Es ist eine von 12 Sprachen des ostseefinnischen Zweiges der finno-ugrischen Sprachen, am engsten verwandt mit dem ausgestorbenen Livischen und Finnischen, aber auch entfernt mit Ungarisch. Als einzige Amtssprache Estlands gilt Estnisch seit dem EU-Beitritt 2004 auch als EU-Amtssprache, was der Sprecherzahl aber wenig nützt.
Wie die anderen Mitglieder der finno-ugrischen Sprachfamilie ist Estnisch eine flektierend-agglutinierende Sprache, was sich sprachhistorisch aber zu Gunsten der Flexion verschoben hat.

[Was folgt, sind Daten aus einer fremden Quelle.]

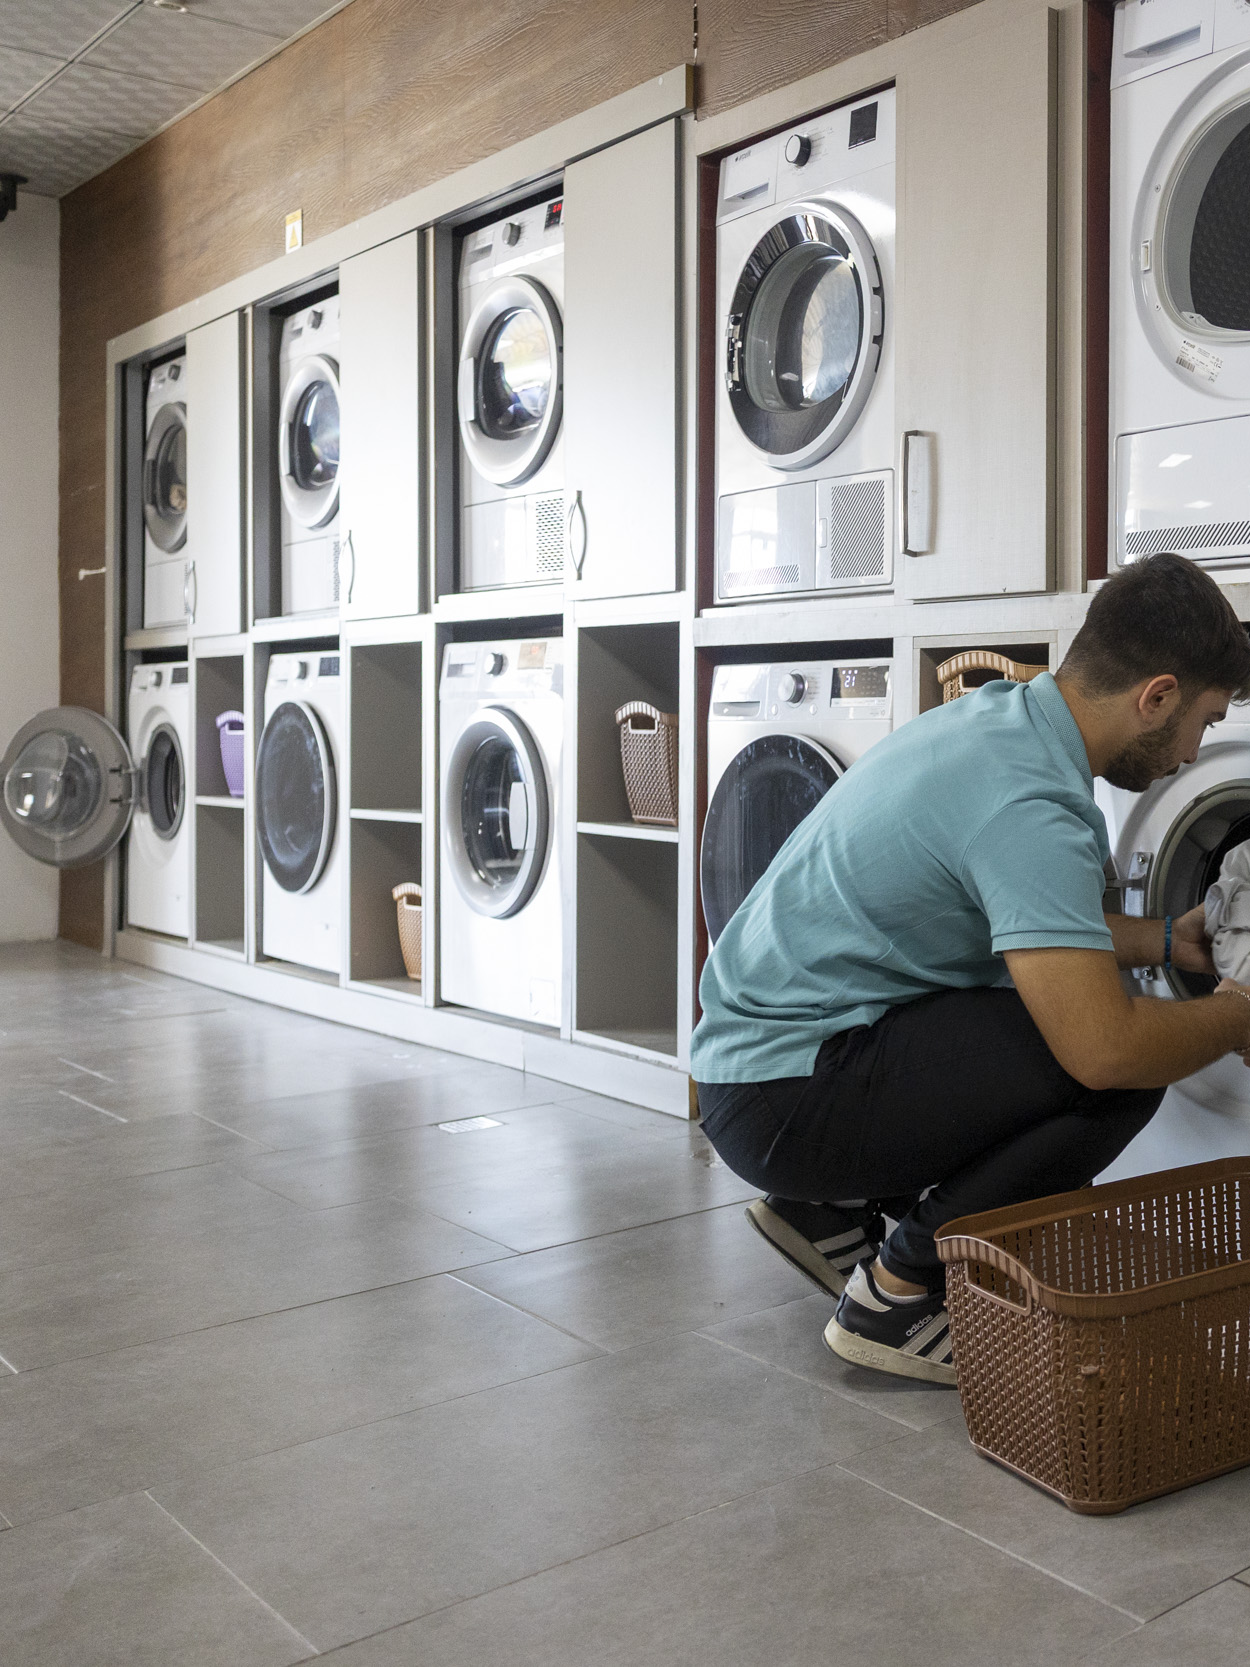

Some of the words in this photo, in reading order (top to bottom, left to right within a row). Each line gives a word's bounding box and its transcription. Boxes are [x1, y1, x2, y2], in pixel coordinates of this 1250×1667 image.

[844, 675, 856, 688] 21
[906, 1314, 933, 1337] adidas
[848, 1348, 885, 1366] adidas

Historisch beeinflusst wurde das Estnische stark vom Deutschen (Christianisierung durch den Deutschen Orden), Schwedischen (Zeit der Gegenreformation) und Russischen (Zugehörigkeit zum Russischen Reich und als Teil der Sowjetunion). Nach der Unabhängigkeit Anfang der 90er Jahre forcierte die estnische Regierung den flächendeckenden Ausbau des Estnischunterrichtes, Verwendung als Verwaltungssprache etc. Die im Land lebenden Minderheiten, vor allem ethnische Russen, müssen Estnischkenntnisse nachweisen, um entweder die Staatsbürgerschaft zu erhalten oder im Staatsdienst (weiter-)arbeiten zu können. Man kann sich gut vorstellen, dass diese sprachlichen Voraussetzungen bei den nationalen Minderheiten Ärger hervorrufen. Seit der Einführung dieser Regulierungen sind durch konsequenten Estnischunterricht in allen Schulen und ein gutes Kursangebot im Erwachsenenbereich deutliche Fortschritte zu erkennen.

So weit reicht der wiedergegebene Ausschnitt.